Children arrive with immense creativity and radical forms of expression, most often lived out through play, movement, and relationship. Attending to this is not about abandoning attentiveness to development or support, but about resisting educational logics that narrow what is valued or visible.
These tensions, between care and accountability, attentiveness and assessment, aspiration and constraint, are not easily resolved, and perhaps shouldn’t be. They are part of the ongoing complexity of engaging seriously with social justice in the early years, and they are questions I’m continuing to sit with as the book takes shape.
Mud
A colleague shared a really interesting article with me recently, From risky play to dirty play: why young children need ‘dirty’ nature play in their lives. It is open access and broadly speaks to value of letting children get dirty!
I wrote a little bit about this in my PhD. This is an (admittedly a bit dense!) extract from my fieldwork on the environment in which the children were developing their sense of selves:
“The fact, too, that the environment during my time there was ordinarily muddy meant that I did not witness any child show an aversion to being dirty for any extended period of time, regardless of their gender. The children were also free to move and redistribute the mud, or the mud was free to move and distribute the children, wherever they liked. There were no coded discursive orders for the children to ‘keep it in a certain area’, as is often the case with more conventional ‘mud kitchens’. Aesthetically, none of the materials at Wood Fire were painted in what was described to me as ‘rainbow throw-up’ colours
Wood Fire still followed health and safety requirements, especially because of the ongoing coronavirus. Children were always required to wash their hands for meals. If they became muddy or wet to a point that it was uncomfortable for them then they would be encouraged (first, and then asked) to change their clothes (the younger children were given additional support here). The material resources were also cleaned on a rota basis. My point is that the materiality of the environment elided the conformative (white) hygienic sublime (Glabau, 2019)

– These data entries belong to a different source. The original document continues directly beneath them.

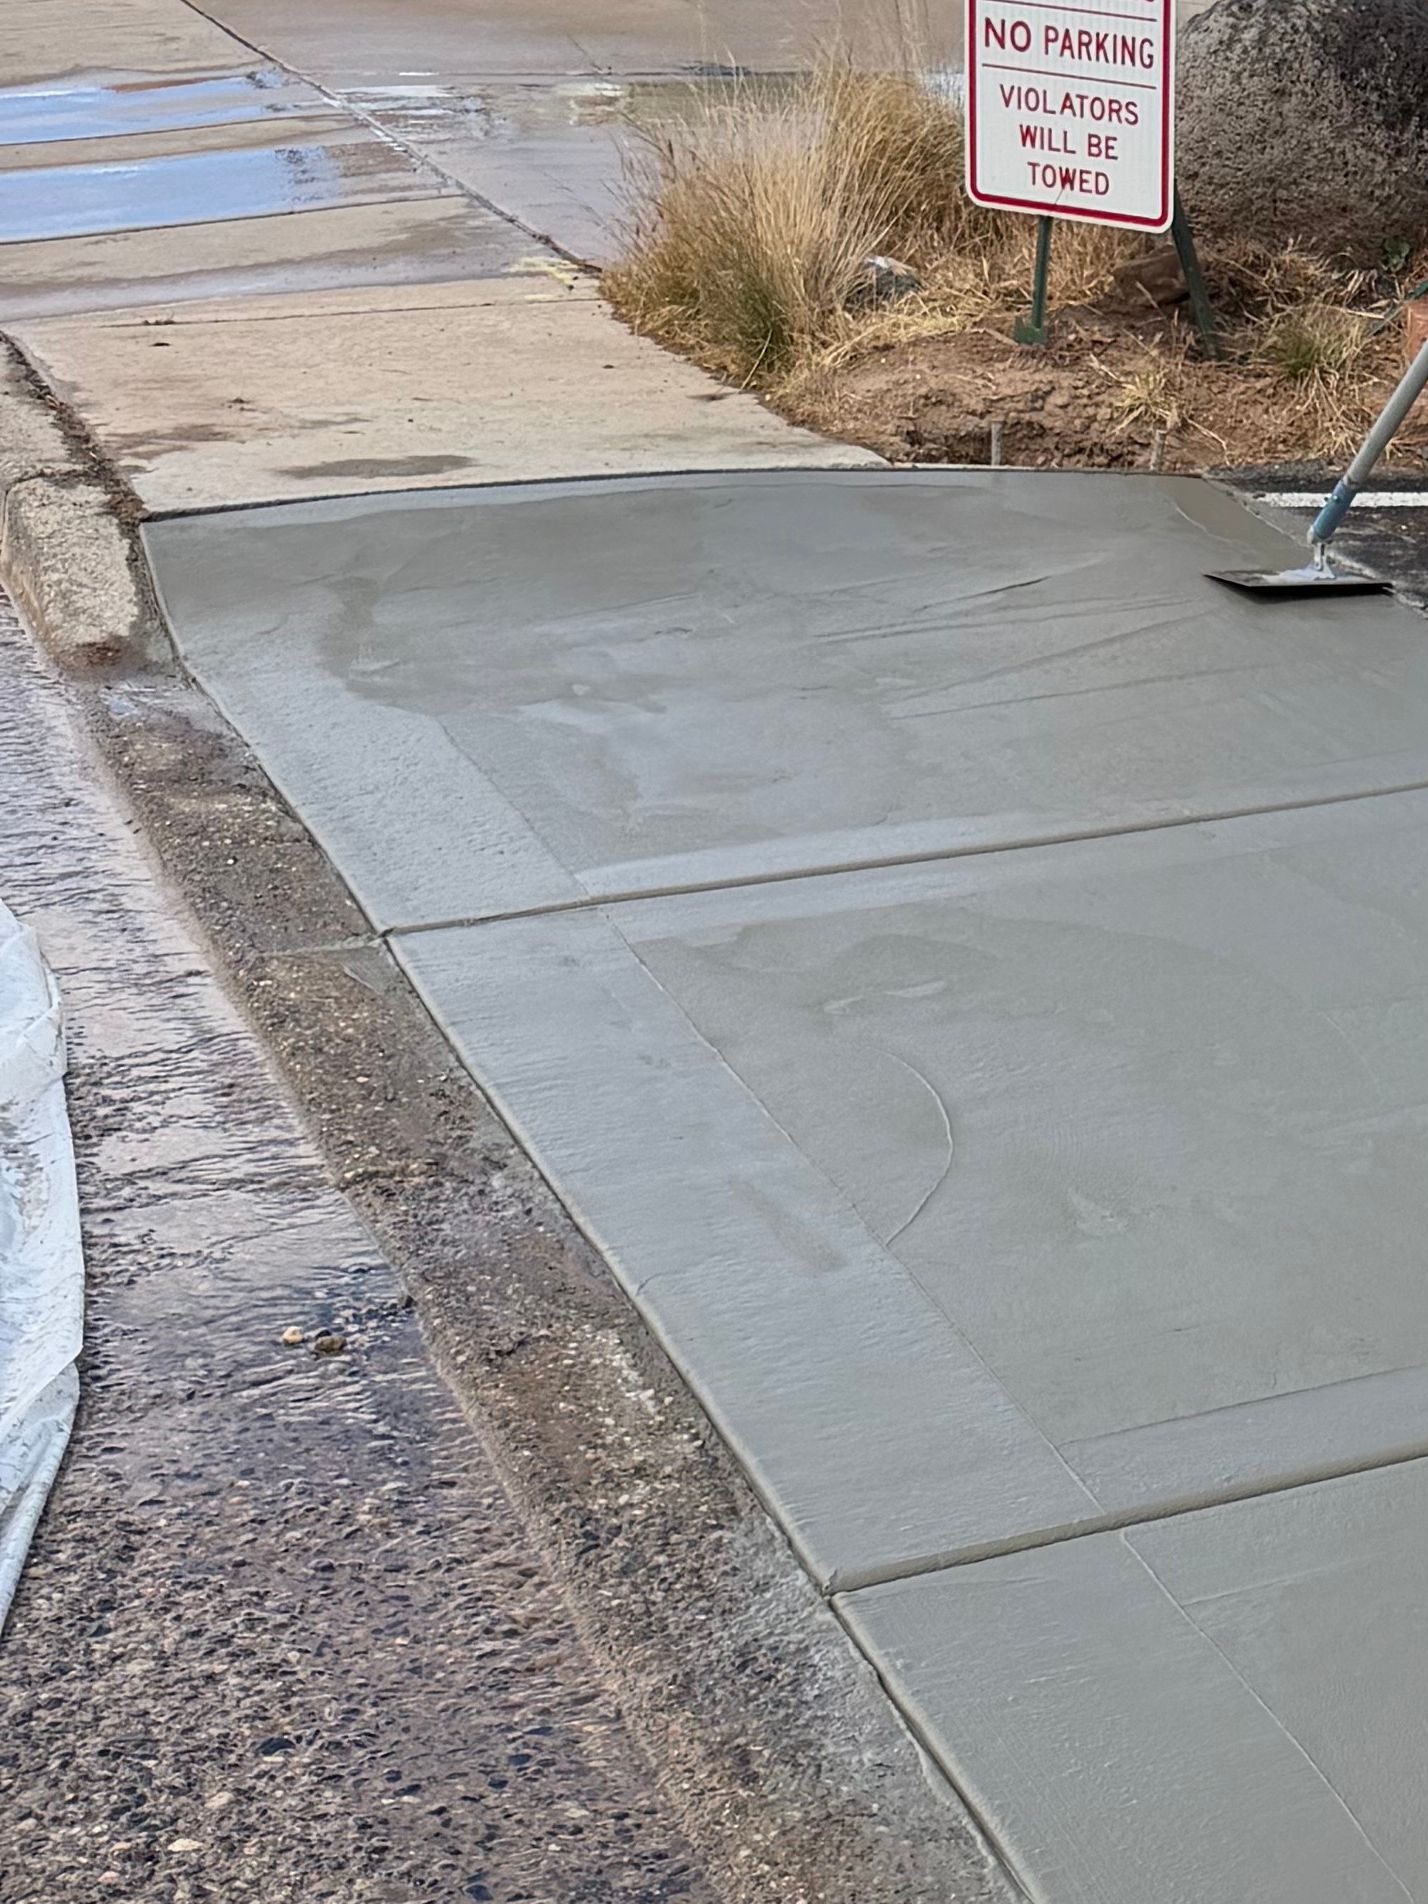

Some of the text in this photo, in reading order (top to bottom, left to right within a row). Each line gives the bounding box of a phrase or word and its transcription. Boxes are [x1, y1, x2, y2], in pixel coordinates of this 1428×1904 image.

[984, 16, 1154, 69] NO PARKING
[999, 83, 1139, 126] VIOLATORS
[1019, 124, 1118, 161] WILL BE
[1026, 161, 1110, 196] TOWED
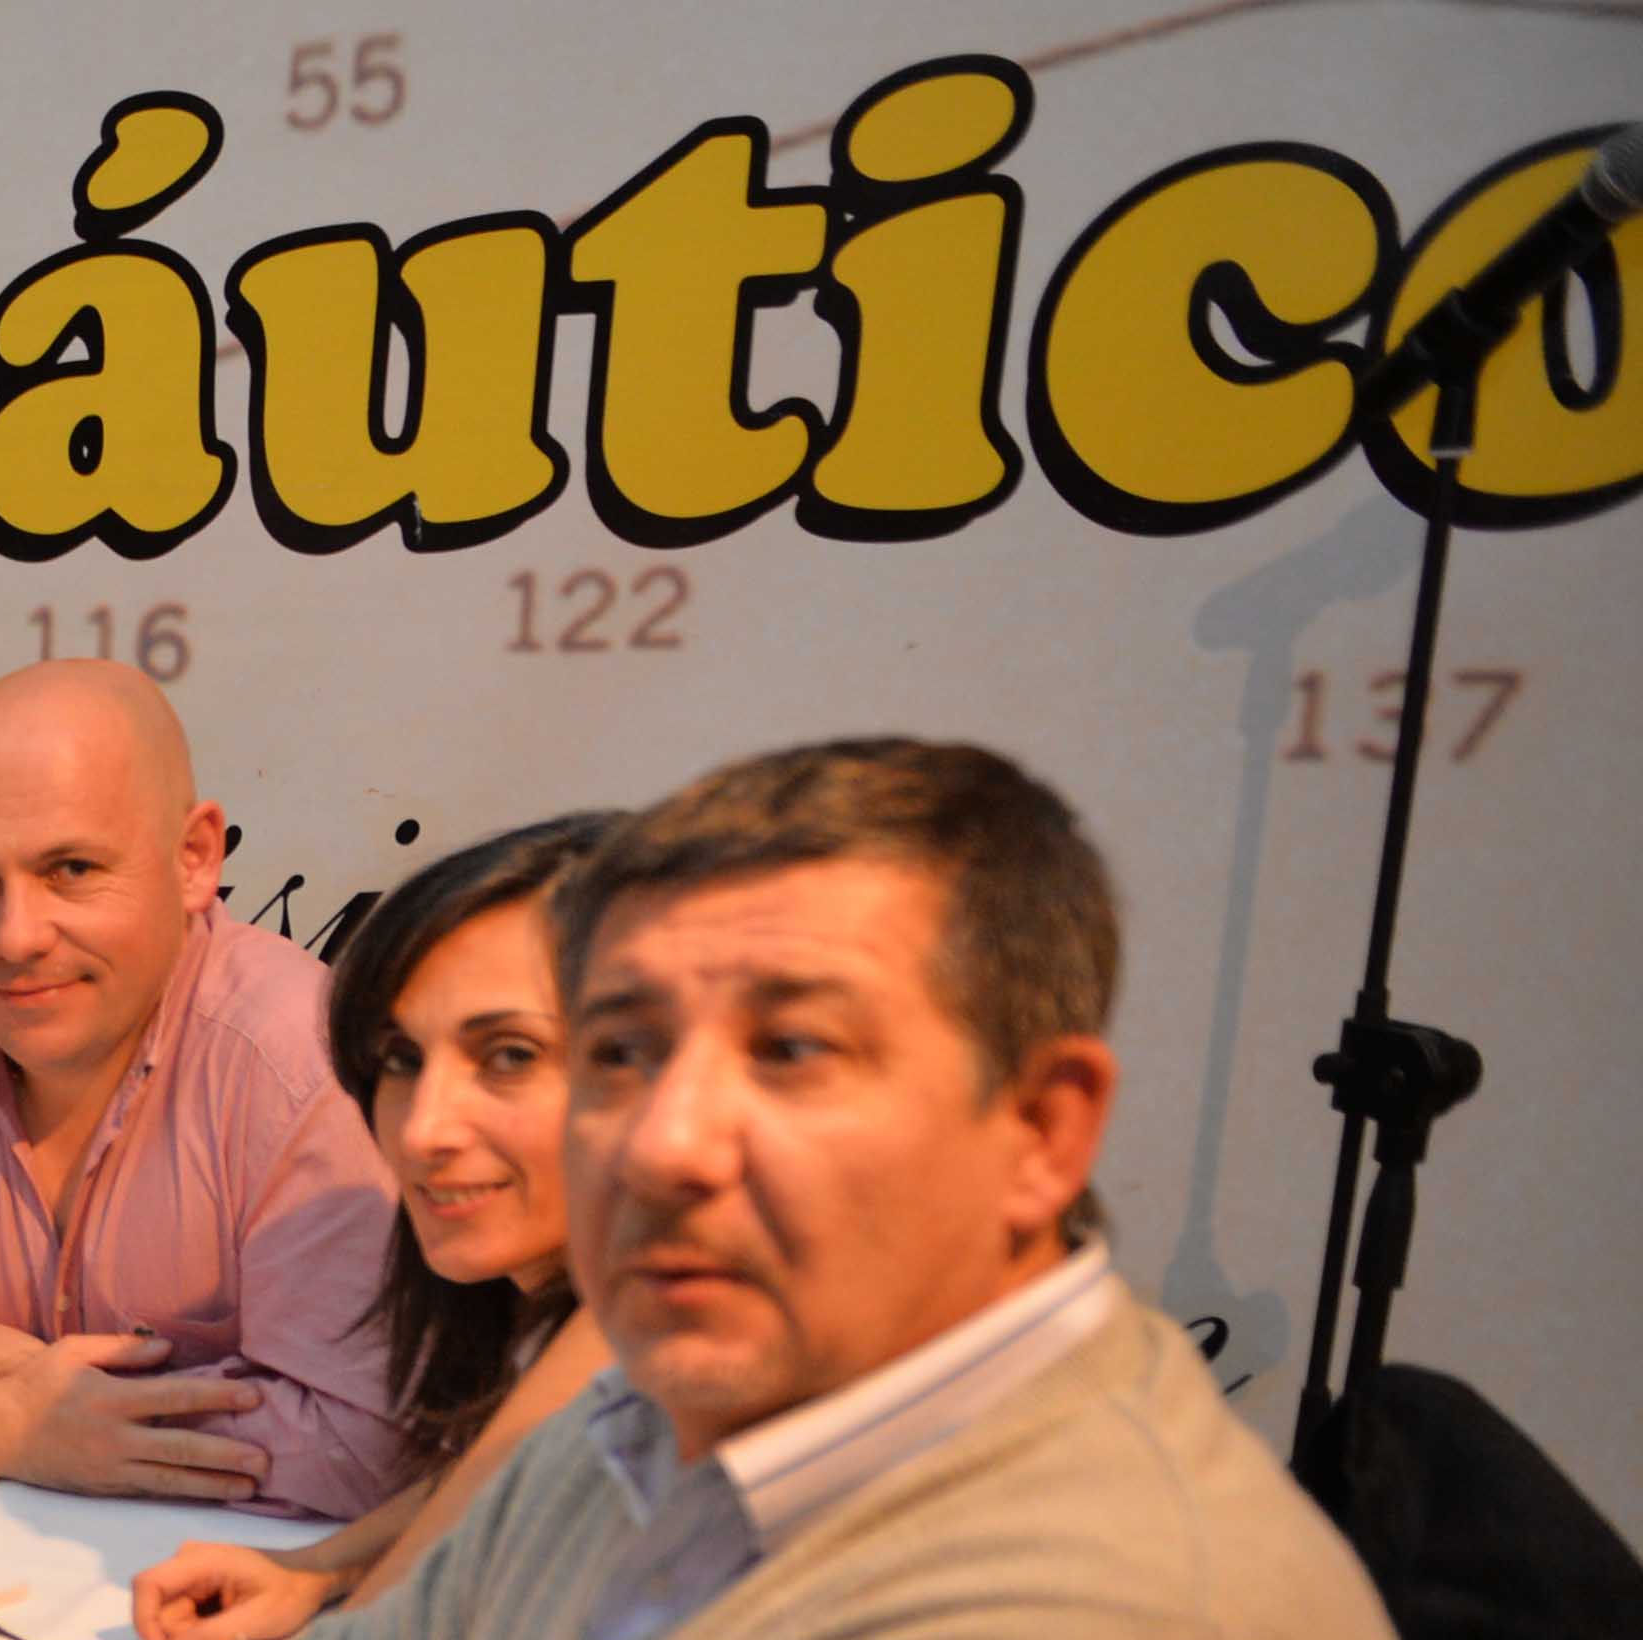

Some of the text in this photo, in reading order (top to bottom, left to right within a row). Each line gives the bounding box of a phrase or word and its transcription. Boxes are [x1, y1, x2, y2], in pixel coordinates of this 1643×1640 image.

[284, 34, 407, 132] 55
[27, 602, 190, 684] 116
[503, 565, 692, 654] 122
[1282, 668, 1524, 763] 137
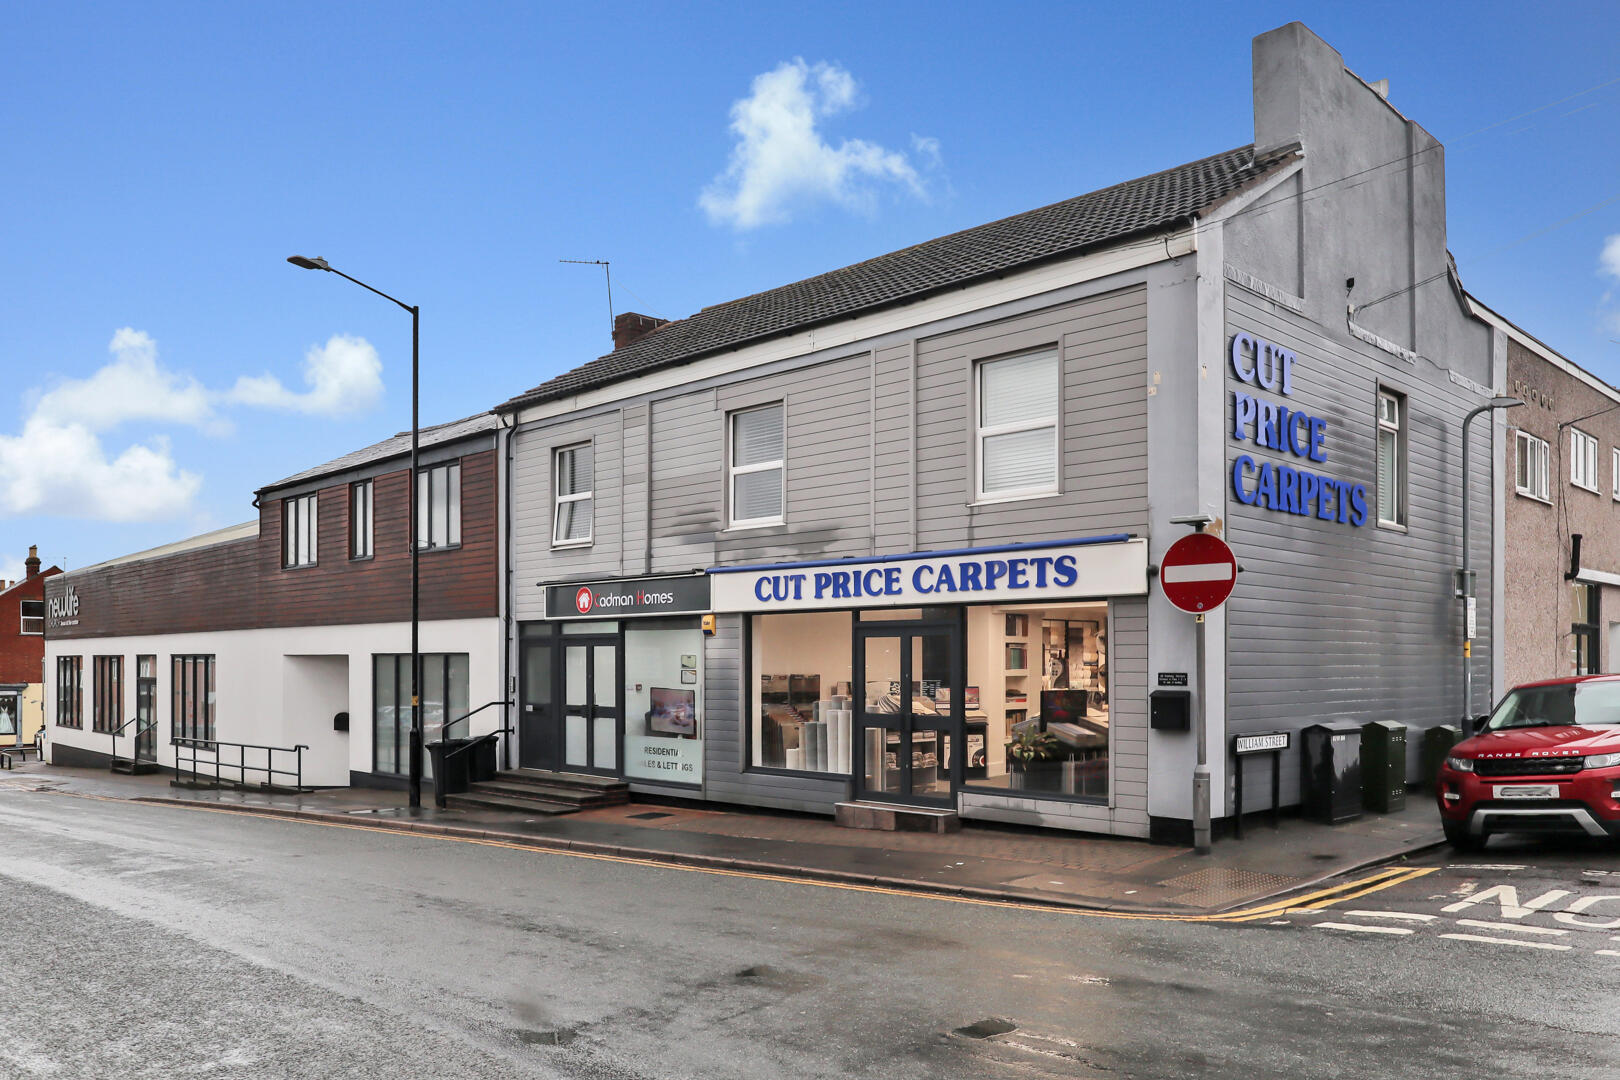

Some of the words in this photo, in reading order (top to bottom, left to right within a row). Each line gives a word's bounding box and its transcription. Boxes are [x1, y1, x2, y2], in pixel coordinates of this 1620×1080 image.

Overall, it felt clear that Wood Fire’s refusal to demarcate ‘what goes where’ with the mud and not subscribe to often the tyrannous standards of ‘tidying up’ created a smooth space for the children to express their subjectivities-otherwise (Deleuze and Guattari, 1987). The intra-action of-mud-child-waterproofs through assemblages challenged determinate cultural and moral (and therefore thoroughly political) knowledges about cleanliness and messiness.”
So, a reflection question to leave you with:
What assumptions about cleanliness, order, and “appropriate” behaviour are built into your environment, and how might these shape the kinds of selves children are able to express, explore, or hold back?
Thank you for reading, and for spending time with these Notes.